I immediately look at the label dangling from the teabag in my cup.
"LIPTON" it smirks.
On the next page is an article that says unscrupulous dairy owners have been putting industrial gelatin in yogurt to make it set.
This industrial gelatin is made from boiled-down shoes and is marginally cheaper to use than edible gelatin, which is made from cows. The only problem with using industrial gelatin is that it is categorically not fit for human consumption.
'The Truman Show?'
I look down at the yogurt I am eating, which has already started to taste less appealing. "Good god," I think. "Are there shoes in my yogurt?"
I start to wonder if I am in some Asian spin-off of "The Truman Show," where nothing is real and images of my life are being broadcast on television for the entertainment of friends and family back home.
"OK, I get it," I think. "Ha ha. Very funny. Now where's the door?"
That night I decide to take refuge in my own cooking. Putting ingredients together myself means that what I eat can't be as harmful, I rationalize.
I am aware that when I go to the supermarket I sometimes buy the wrong thing, but I tend to find the surprise element adds to the fun.
The last time I went to Carrefour I remember having a long exchange with the sales assistant over where to find salt.
The salt I bought is a kind of flaky sea salt in a large bag, not unlike what we use in Britain and not at all expensive. I am pleased when the noodles I have prepared taste far better than my cooking skills usually allow. "It must be that salt," I think. "I'll have to buy it again."

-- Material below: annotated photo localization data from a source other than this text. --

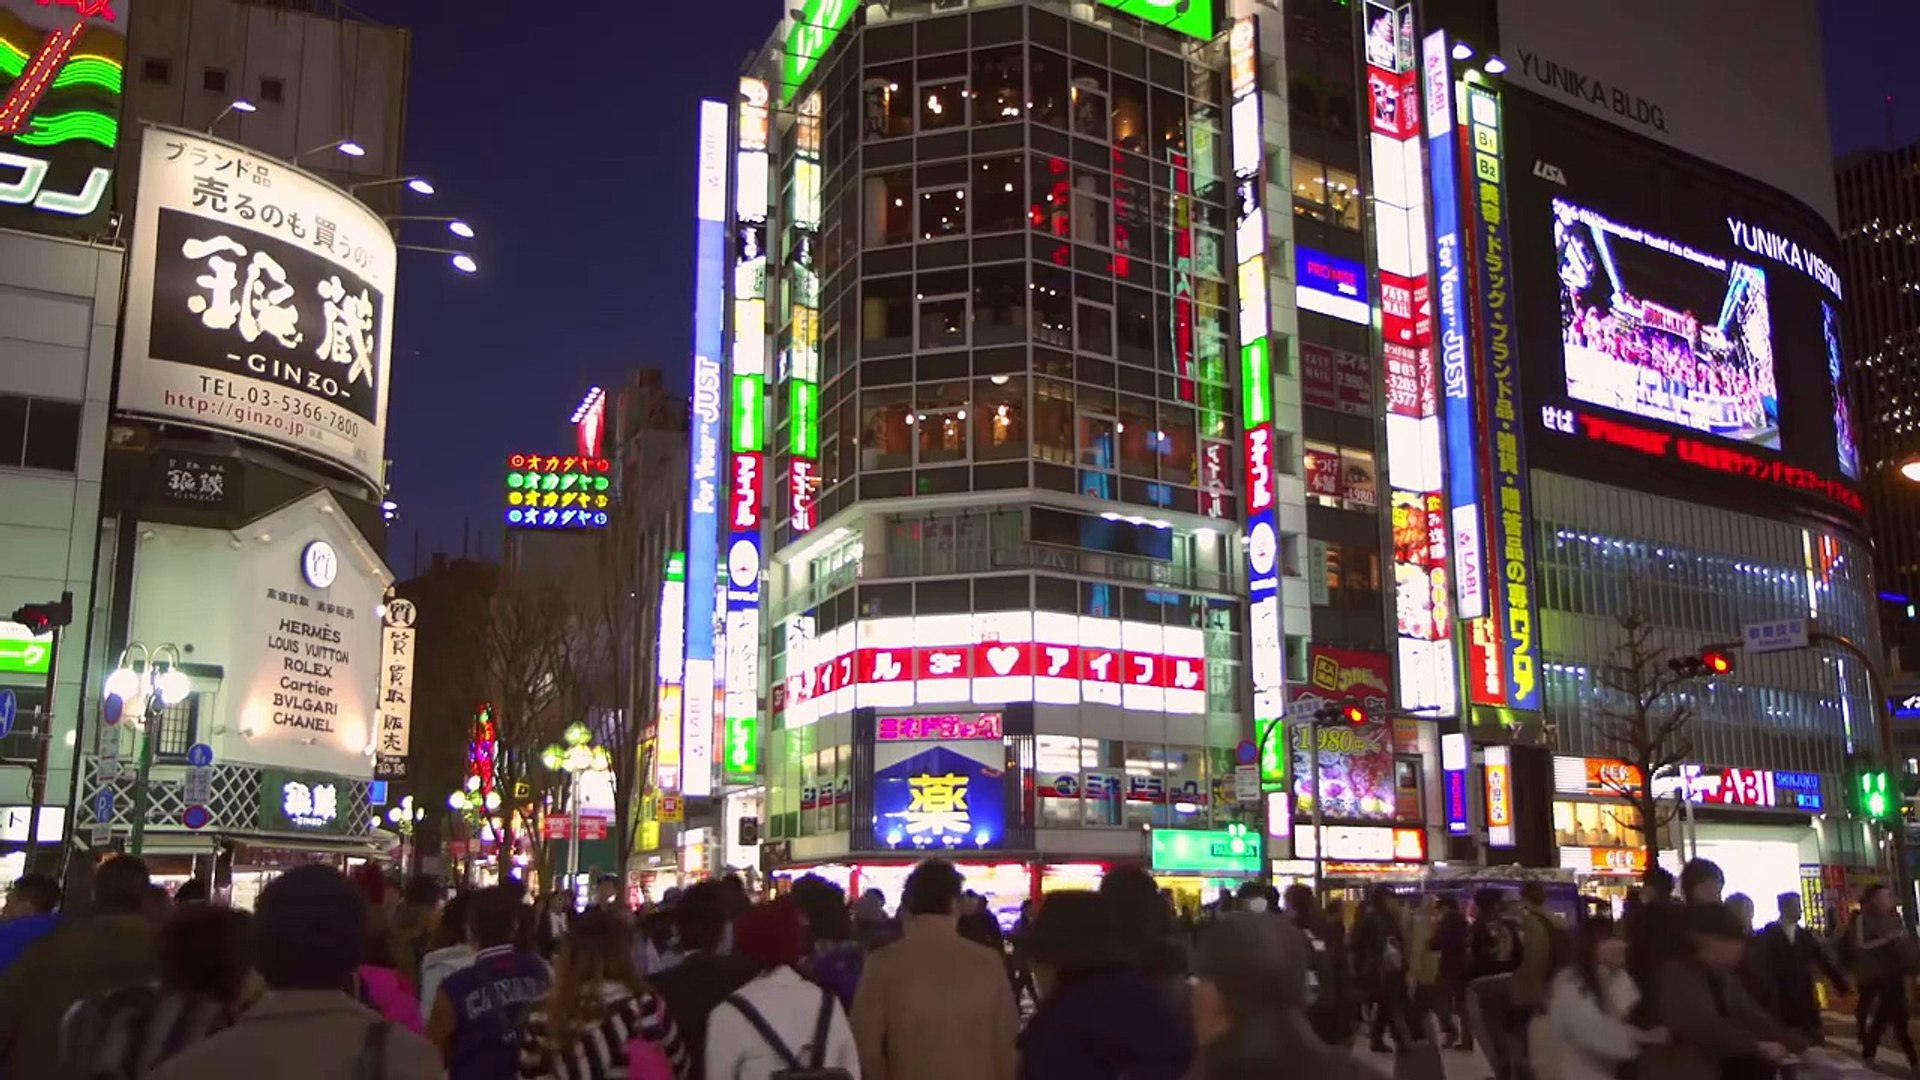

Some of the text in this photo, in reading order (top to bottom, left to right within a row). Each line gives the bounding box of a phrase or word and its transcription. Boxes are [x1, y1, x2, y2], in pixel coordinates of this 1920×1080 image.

[1434, 71, 1445, 111] LABI
[1517, 48, 1669, 134] YUNIKA BLDG.
[1479, 131, 1494, 148] B1
[164, 141, 272, 188] ブランド品
[1479, 157, 1497, 177] B2
[1438, 233, 1456, 268] For
[1727, 217, 1805, 270] YUNIKA
[1804, 249, 1842, 300] VISION
[1382, 284, 1410, 302] FAST
[1442, 330, 1468, 399] JUST
[694, 356, 721, 424] JUST
[164, 390, 306, 436] http://ginzo.jp
[524, 454, 594, 474] オカダヤ
[1250, 429, 1271, 508] アイフル
[524, 490, 594, 508] オカダヤ
[737, 456, 756, 526] アイフル
[524, 507, 594, 526] オカダヤ
[1464, 551, 1477, 595] LABI
[267, 588, 309, 607] 高価買取
[279, 618, 341, 644] HERMÈS
[268, 635, 349, 665] LOUIS VUITTON
[284, 657, 332, 678] ROLEX
[929, 653, 961, 674] 3F
[1045, 648, 1199, 688] アイフル
[280, 676, 333, 697] Cartier
[273, 692, 337, 714] BVLGARI
[273, 712, 334, 733] CHANEL
[880, 713, 1000, 738] ミネドラッグ
[1775, 773, 1818, 789] SHINJUKU
[906, 772, 972, 835] 薬

Curious, I draw the Chinese characters from the packet into my mobile phone dictionary to check the brand name. "Monosodium glutamate," the dictionary replies cheerfully. MSG, a substance feared in Britain, where it is banned by many restaurants.
For weeks I have been adding it neat to my food. I consider worrying, but then realize I have eaten almost all the noodles anyway.
"Oh well, one meal can't do any more harm," I think, as I polish off the rest.
Unfortunately, this genius with food also seems to bring out new heights of creativity in the criminal population. First there were reports of eggs with rubber yolks that bounced after cooked. A kind of teenage science class prank, but with potentially deadly side effects. "They must have a sense of humor to do that," I think.
Then came cabbages sprayed with formaldehyde. This week I hear that mushrooms in Fujian Province are being bathed in citric acid to enable them to keep for up to a year. "A year!" I think. "That's actually quite impressive."
While my Chinese friends worry endlessly that their food is out to poison them, the effect of all these scares on me is to feel little but defiant unconcern. "I'll worry about it when I'm sick," I think irresponsibly.
One day, however, the food thing starts to feel closer to home.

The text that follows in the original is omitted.